Eu confirmei com um aceno e um sorriso. Ashkore teceu uma última carícia no meu rosto antes de sair do escritório. Sozinha, regressei à chaise longue e concentrei-me em encher o estômago.

Não tornei a sair do escritório do titã. Passei o resto da tarde a explorar a sala, lendo os títulos dos livros nas prateleiras atrás da secretária e lendo algumas páginas daqueles que me chamaram a atenção, mas não me conseguia concentrar em nenhum deles.

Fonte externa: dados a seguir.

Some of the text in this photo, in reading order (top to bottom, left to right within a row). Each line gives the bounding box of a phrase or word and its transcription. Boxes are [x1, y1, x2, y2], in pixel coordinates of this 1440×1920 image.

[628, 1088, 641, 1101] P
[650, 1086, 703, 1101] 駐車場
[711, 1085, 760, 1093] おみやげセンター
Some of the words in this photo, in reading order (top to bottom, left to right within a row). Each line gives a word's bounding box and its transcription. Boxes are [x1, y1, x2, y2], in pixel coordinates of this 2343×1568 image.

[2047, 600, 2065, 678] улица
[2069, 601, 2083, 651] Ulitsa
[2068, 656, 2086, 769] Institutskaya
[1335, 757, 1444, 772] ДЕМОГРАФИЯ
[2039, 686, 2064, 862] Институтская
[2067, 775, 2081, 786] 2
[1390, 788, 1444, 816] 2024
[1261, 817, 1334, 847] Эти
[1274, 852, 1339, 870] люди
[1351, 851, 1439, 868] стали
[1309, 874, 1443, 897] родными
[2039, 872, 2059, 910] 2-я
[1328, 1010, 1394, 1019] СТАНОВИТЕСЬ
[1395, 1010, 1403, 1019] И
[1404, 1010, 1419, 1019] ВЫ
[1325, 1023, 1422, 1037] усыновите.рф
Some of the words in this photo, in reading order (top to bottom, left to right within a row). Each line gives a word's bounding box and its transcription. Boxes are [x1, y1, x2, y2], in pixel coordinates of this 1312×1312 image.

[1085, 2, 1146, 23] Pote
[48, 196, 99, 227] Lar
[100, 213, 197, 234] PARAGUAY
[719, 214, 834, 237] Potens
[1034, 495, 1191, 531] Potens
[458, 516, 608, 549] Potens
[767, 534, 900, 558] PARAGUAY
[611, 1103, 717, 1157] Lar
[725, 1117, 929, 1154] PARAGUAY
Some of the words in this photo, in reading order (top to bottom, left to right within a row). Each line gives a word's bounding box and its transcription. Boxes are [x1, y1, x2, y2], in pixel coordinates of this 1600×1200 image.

Havia uma ânsia dentro de mim que eu não conseguia explicar. Uma vontade imperiosa que eu não conseguia atenuar. Um aperto no peito que quase não me deixava respirar. Não entendi do que se tratava… até Ashkore regressar e a ansiedade se transformar subitamente em contentamento. Instintivamente, atirei-me para os braços do titã e apertei-o contra mim, sorvendo o calor do seu corpo e da sua magia. Céus… Como iria aguentar um mês sem aquilo? Nós estivéramos sempre juntos desde que eu chegara à colónia. Não houvera um único dia em que não desfrutara do ardor da união da nossa Maana, mesmo que fosse de forma fugaz. E agora que provara a magia do beijo de Ashkore, não conseguia imaginar a minha vida sem aquilo. Sem ele… Como conseguiria aguentar um mês longe do titã?

O meu desejo de aproveitar a companhia do meu irmão enquanto podia era tão forte que fiquei para um jantar privado no seu escritório e, no final, atrevi-me a pedir para dormir com ele. O meu pedido pareceu divertir Ashkore, mas ele só aceitou depois de me fazer prometer que não o atacaria de forma… sensual… enquanto dormia. Aparentemente, ele não despia a armadura negra e vermelha nem para dormir e temia (embora também parecesse querer) que eu lha tirasse durante a noite.

Aquela foi a primeira vez que entrei no quarto de Ashkore, mas não perdi tempo a admirar a decoração. O dia fora recheado de emoções fortes, desde a inquietação apavorada à paixão ardente, por isso, estava exausta. Não teria conseguido atacar Ashkore e livrá-lo da armadura mesmo que planeasse fazê-lo. A barriga cheia do jantar, aliada ao calor lento dos braços de Ashkore em meu redor, atiraram-me rapidamente para o mundo dos sonhos. Só acordei na manhã seguinte, ao som da voz aveludada do meu irmão.

— Bom dia — murmurou ao ver-me abrir os olhos com esforço — Dormiste bem?

Eu fiz um sorriso ensonado.

— Melhor era impossível…

Ashkore soltou um risinho pelo nariz.

— Então, estás preparada para iniciar a tua aventura épica em busca dos nove titãs perdidos na Terra?

Fiz uma pequena careta, começando a espreguiçar-me.

— Nem por isso… mas um beijo ajudaria.

Ashkore riu-se levemente e levou uma mão ao meu rosto, tocando-me no lábio com o polegar.

— Traz-me os titãs, irmãzinha… e dar-te-ei muito mais do que um beijo.